The Razor’s Edge (Goulding 1946). I haven’t read the novel so I can’t compare the film but, despite many good elements (movielocke mentioned the beauty of the photography and the strength of the supporting cast, and domino the blocking in the Alt Oscars thread), this ends up lacking in creating a sense of cohesion, not really succeeding in making the theme and plot involving Larry’s spiritual quest, and Isabel’s romantic ambitions, fit in a satisfying way. And the last quarter or so just felt uninspired in the writing and directing, removing much of the interest that been constructed earlier on despite the flaws. Not surprisingly the Indian spirituality that’s at the source of the quest aspect is quite bungled (or intentionally redirected?) by Hollywood - Larry’s conversion to Hinduism instead comes across as vague, Christian-ish devotion to good action and self-sacrifice, and Power’s character is really not an interesting one. Reading in Wikipedia that the novel introduces Advaita Vedanta nondualism, this is totally incongruous with what’s portrayed in Larry here, and the heavily played spiritual scenes in India are especially ridiculous. The film is a lot more successful in creating an interesting and multidimensional character with the selfish (though not evil) person that is Isabel than the saint (although admittedly that's probably an easier thing to do in the first place).

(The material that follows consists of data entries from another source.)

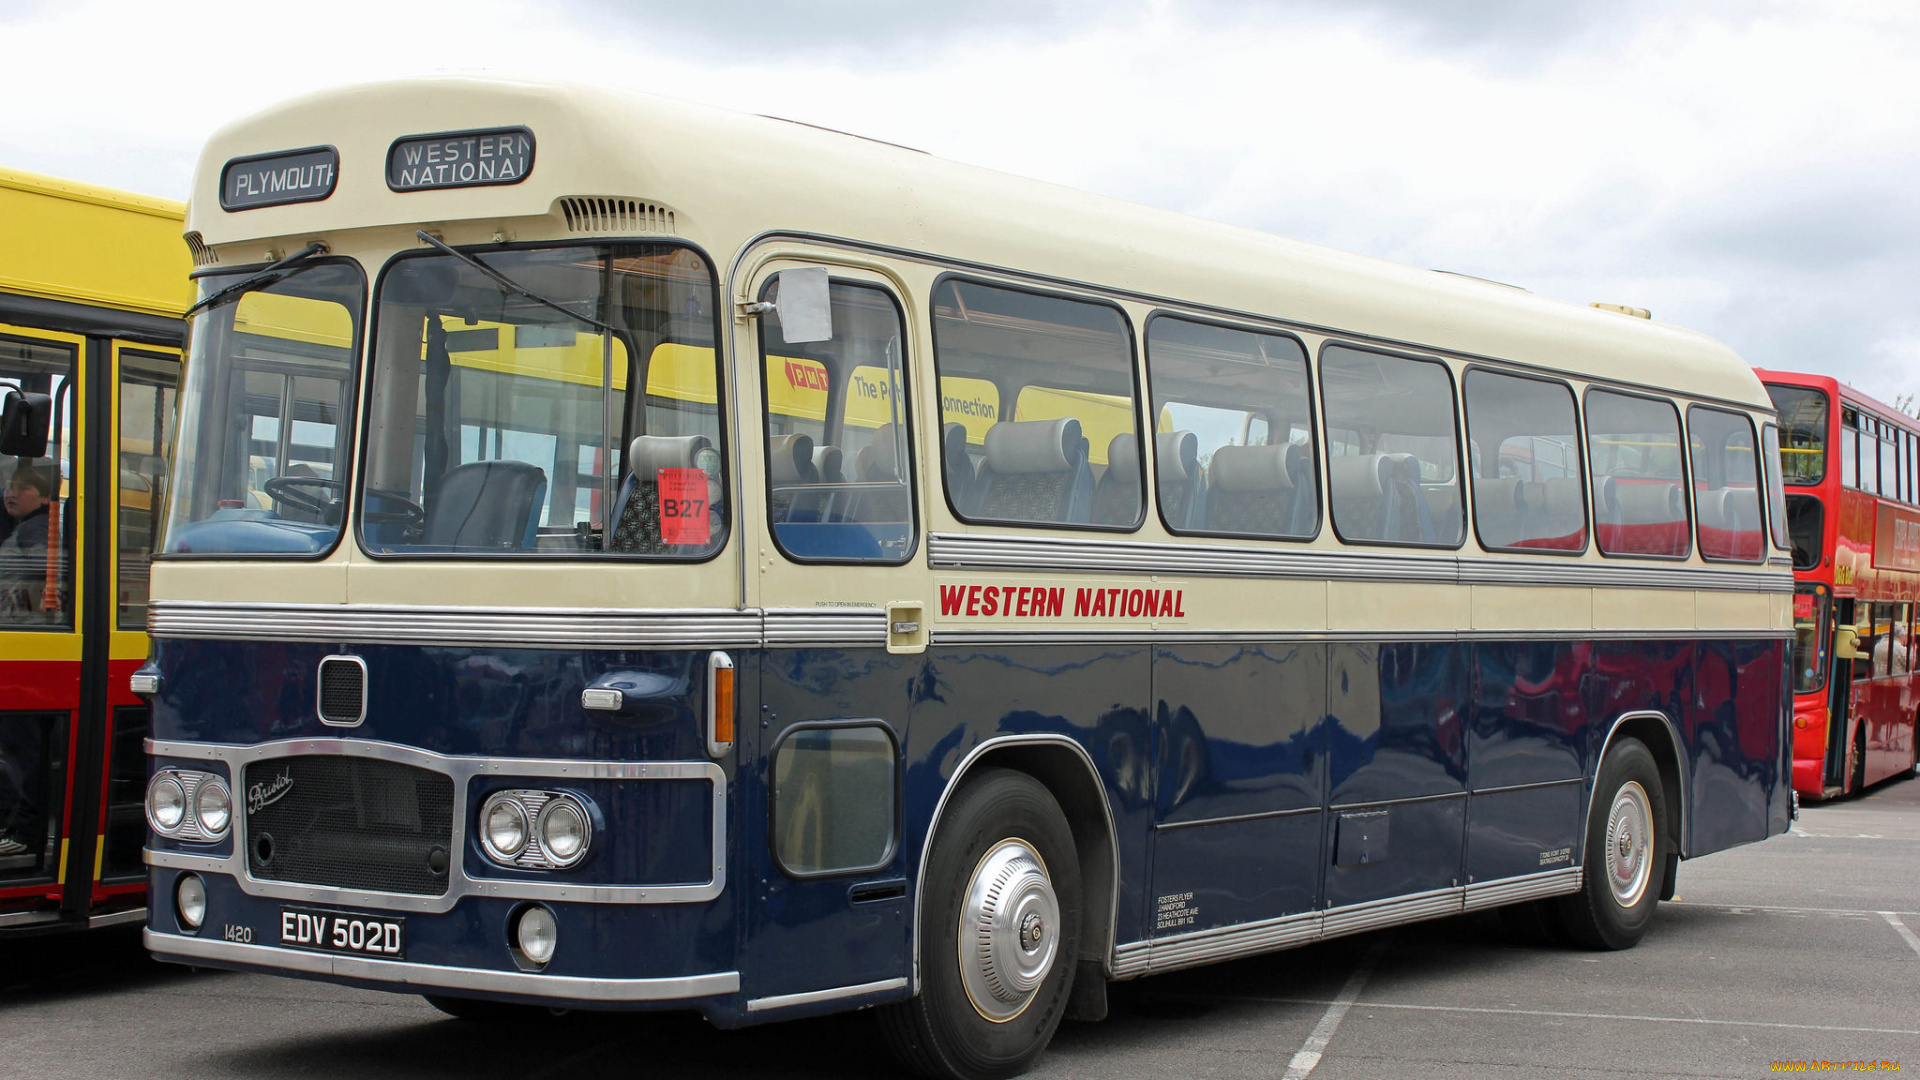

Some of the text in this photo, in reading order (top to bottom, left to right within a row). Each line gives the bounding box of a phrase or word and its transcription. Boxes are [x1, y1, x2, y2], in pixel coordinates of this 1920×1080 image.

[854, 376, 878, 399] The
[664, 499, 705, 518] B27
[940, 585, 1185, 618] WESTERN NATIONAL
[248, 765, 294, 815] Bristol
[1158, 892, 1193, 904] FOSTERS FLYER
[1163, 908, 1190, 919] HEATHCOTE
[1190, 907, 1199, 915] AVE
[224, 924, 252, 944] 1420
[282, 911, 401, 954] EDV 502D
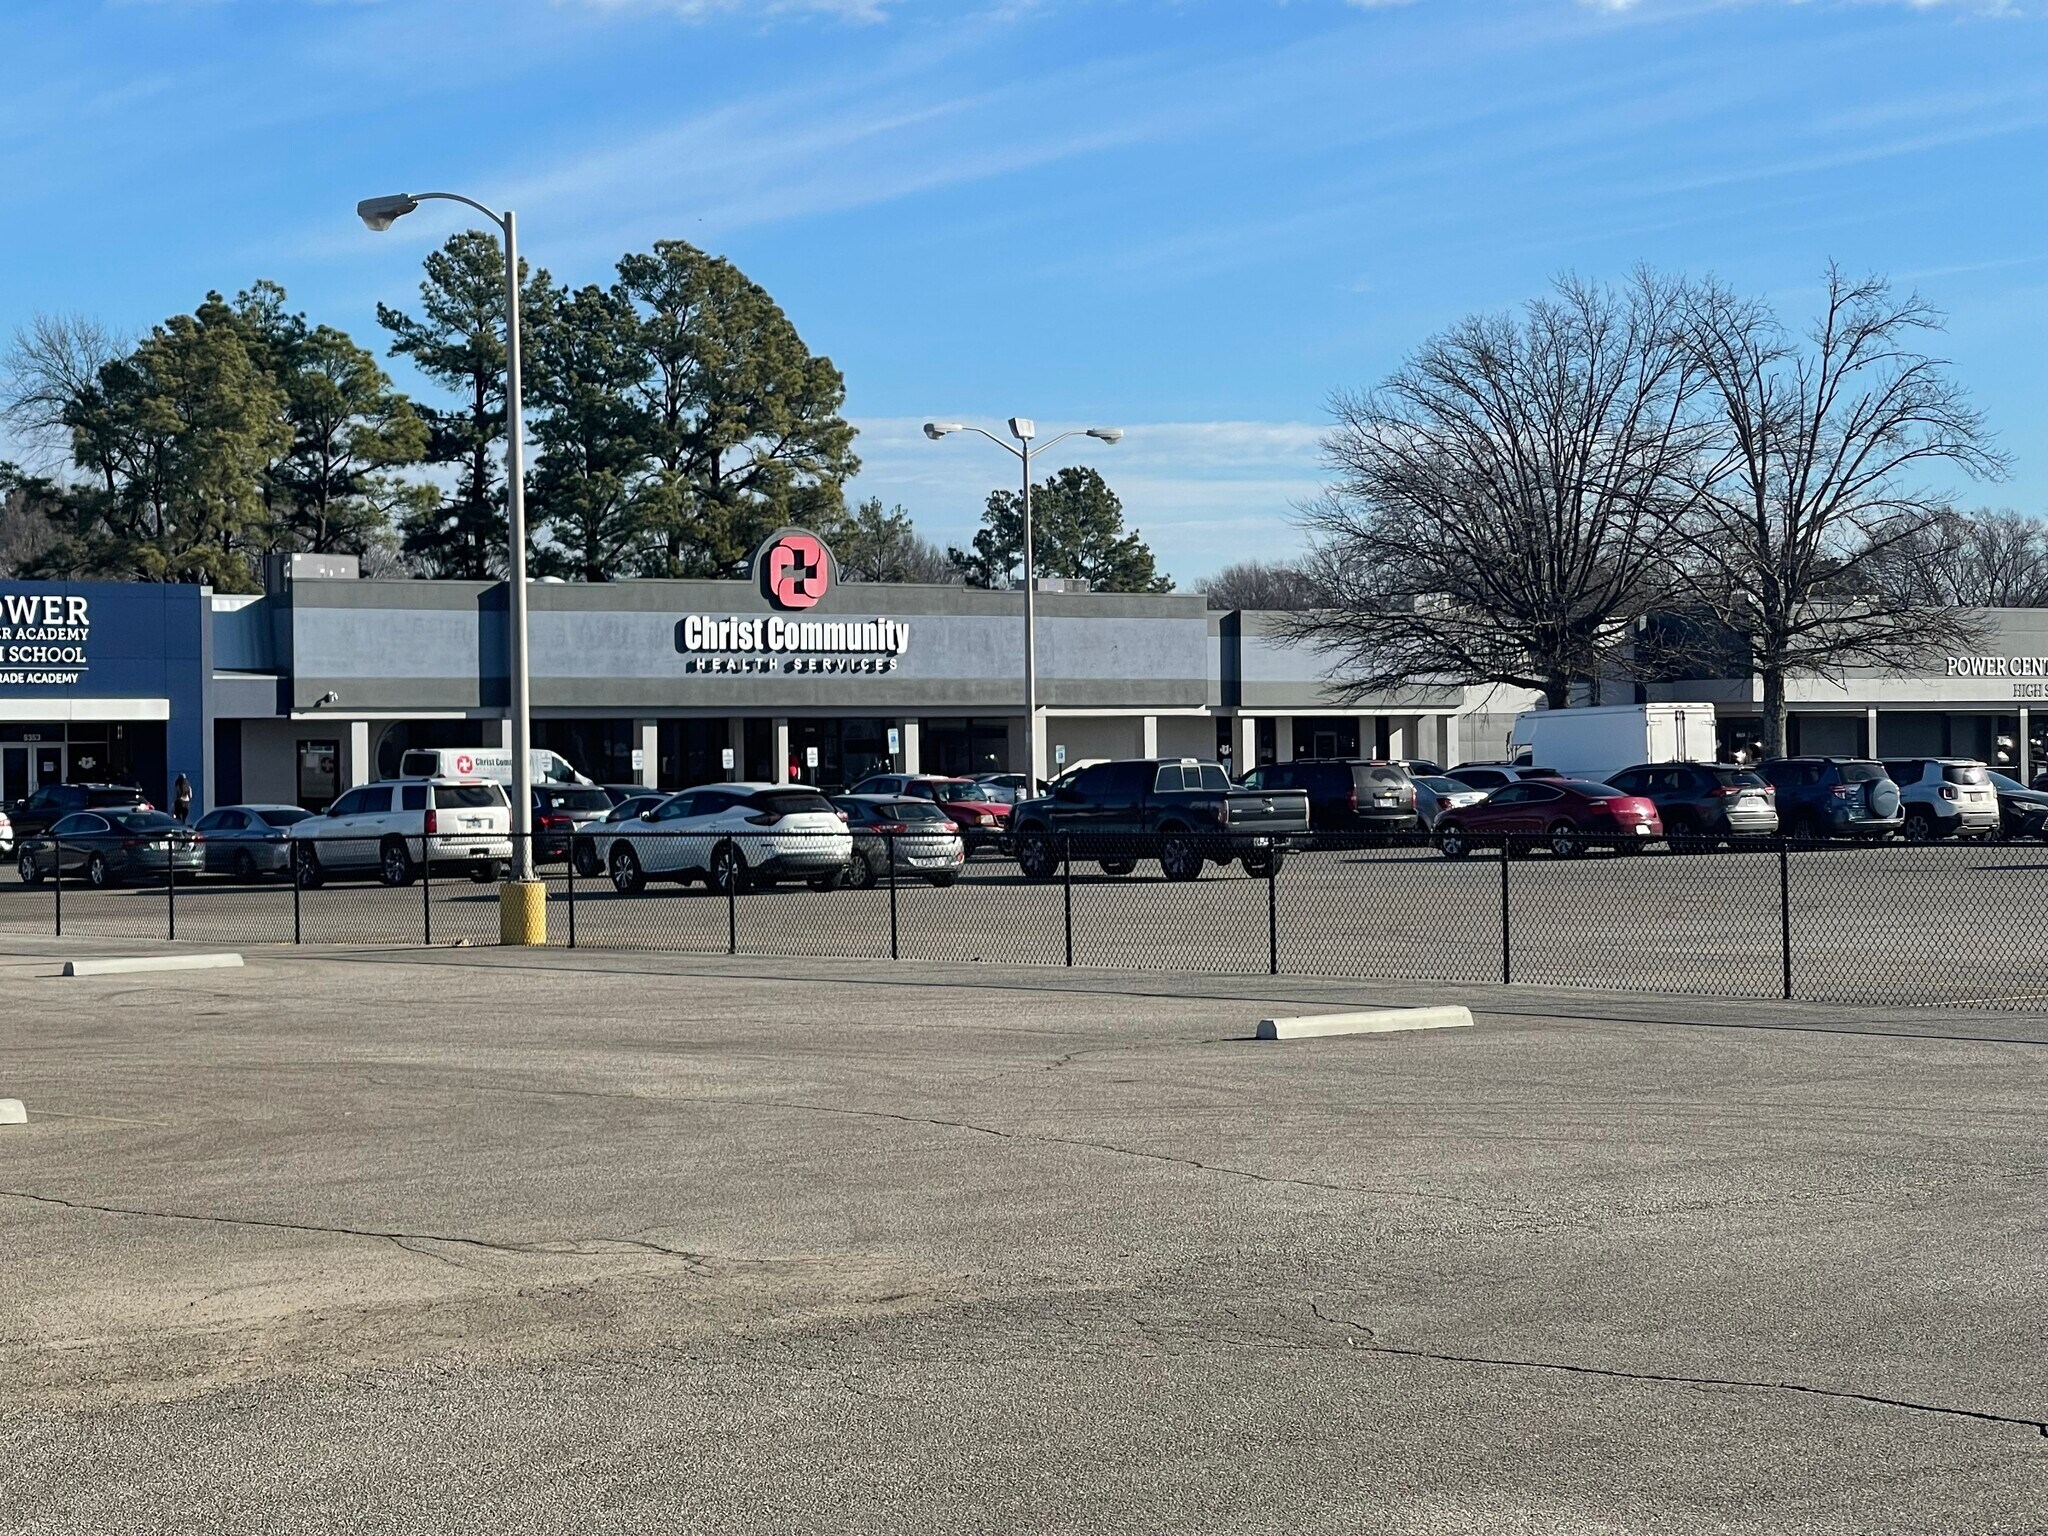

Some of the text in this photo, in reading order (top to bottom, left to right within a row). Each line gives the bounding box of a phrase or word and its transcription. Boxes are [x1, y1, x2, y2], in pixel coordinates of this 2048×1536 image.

[0, 595, 90, 625] WER
[15, 627, 90, 641] ACADEMY
[684, 615, 910, 654] Christ Community
[8, 645, 87, 663] SCHOOL
[696, 657, 898, 670] HEALTH SERVICES
[1946, 656, 2007, 676] POWER
[26, 673, 79, 684] ACADEMY
[2013, 683, 2043, 697] HIGH
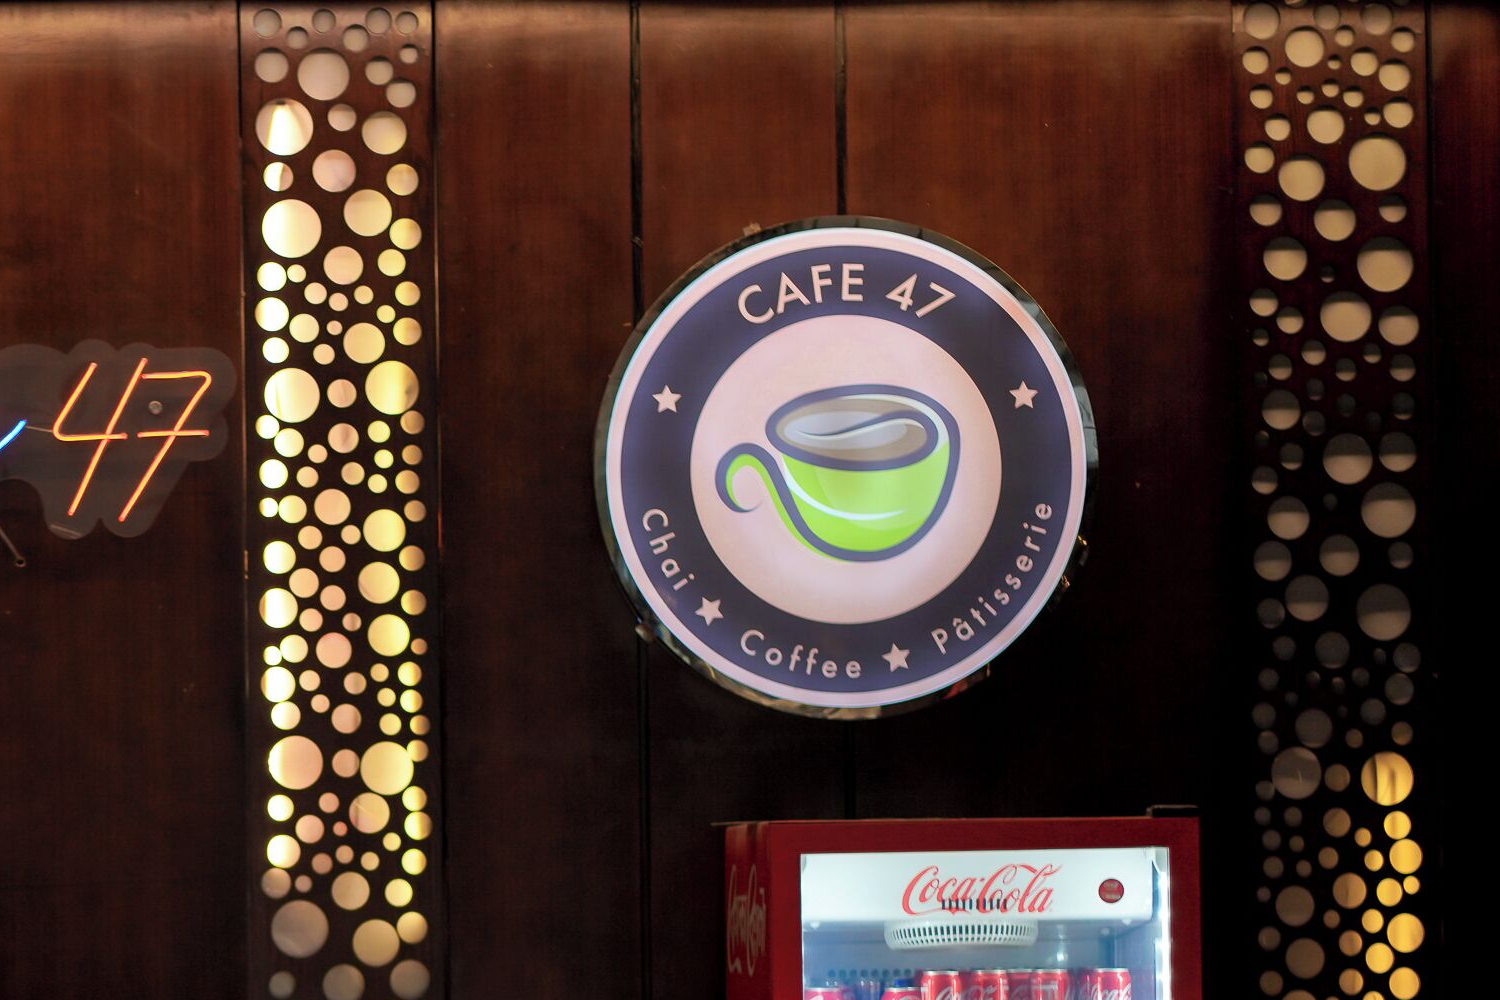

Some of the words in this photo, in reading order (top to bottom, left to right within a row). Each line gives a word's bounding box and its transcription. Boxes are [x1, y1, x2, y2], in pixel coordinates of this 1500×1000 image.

[737, 263, 864, 325] CAFE
[886, 273, 956, 319] 47
[51, 357, 213, 522] 47
[642, 508, 695, 591] Chai
[931, 502, 1053, 655] Pâtisserie
[740, 629, 861, 679] Coffee
[902, 863, 1063, 916] Coca-Cola
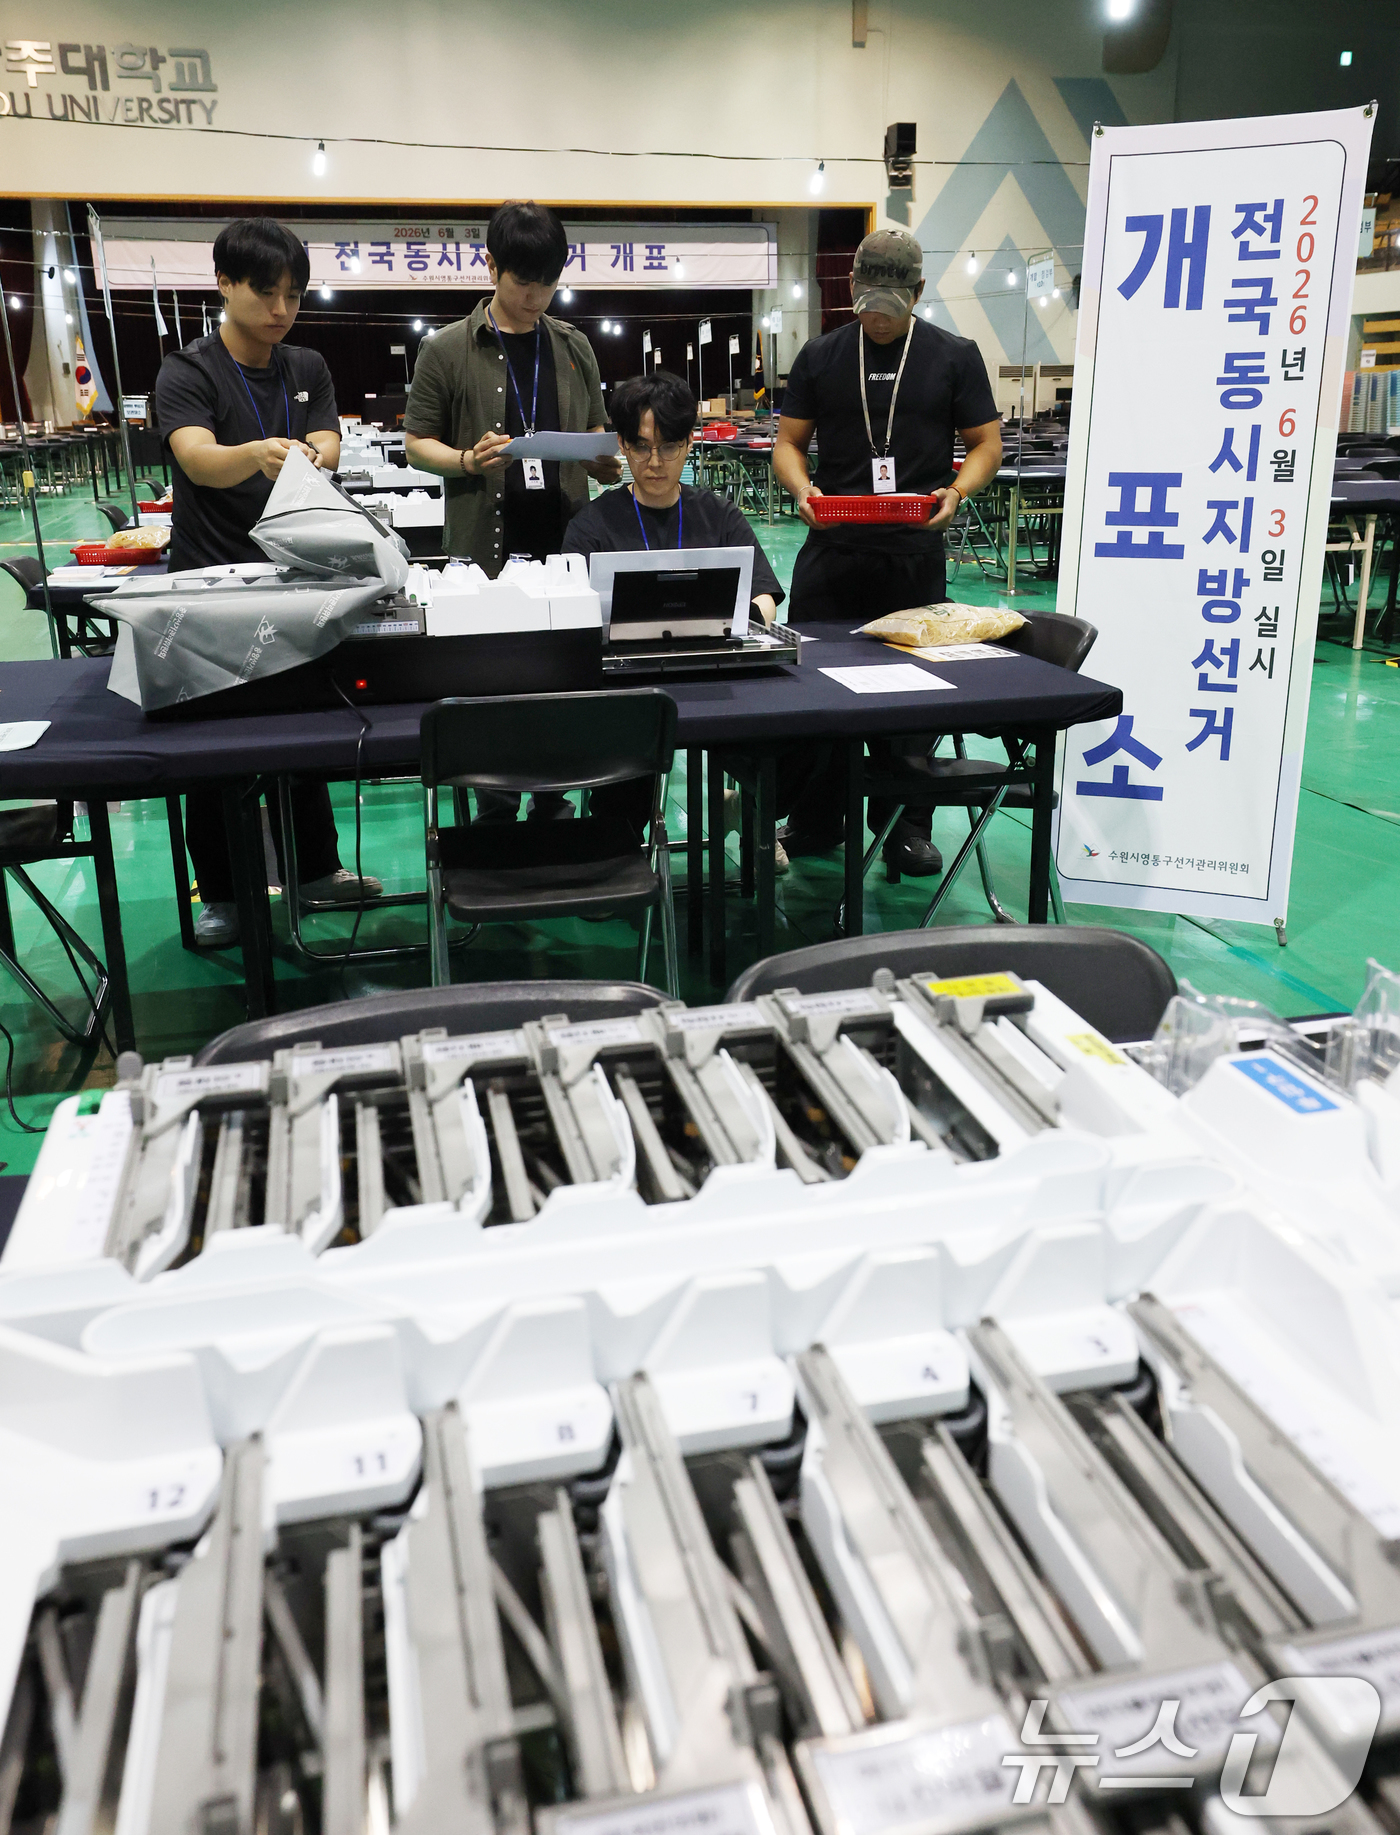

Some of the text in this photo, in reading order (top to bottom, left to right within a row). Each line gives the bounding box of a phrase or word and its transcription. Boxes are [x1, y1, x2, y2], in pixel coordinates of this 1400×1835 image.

Sarris wrote that the director had a habit of bringing the best out of his actresses, and this is definitely the case with Tierney and Baxter here, especially the former – really as good a performance as I’ve seen from her. Meanwhile Clifton Webb plays another enjoyable aristocratic asshole, and Herbert Marshall has some good moments too. It’s kind of unfortunate to have such good performances residing in a film I won’t be really enthused to watch again.


The Ghost Ship (Robson 1943). [Rewatch] I may be wrong and there may have been examples before this, but this feels relatively new in the horror coming from a deranged human antagonist, rather than a monster, especially so given that the person isn’t an evil caricature like the mad scientist in Murders in the Rue Morgue, for example, but a more everyday, ordinary person - albeit one with pathological narcissism driving him to murderous extremes. The film doesn’t have the many layers or visual imagery of the Lewton predecessors, but it’s scarier and arguably more horrific, with the homicidal maniac much more frightening than the one discovered in The Leopard Man. The treatment of the theme really feels modern in how unflinching and grim it is for the most of the film.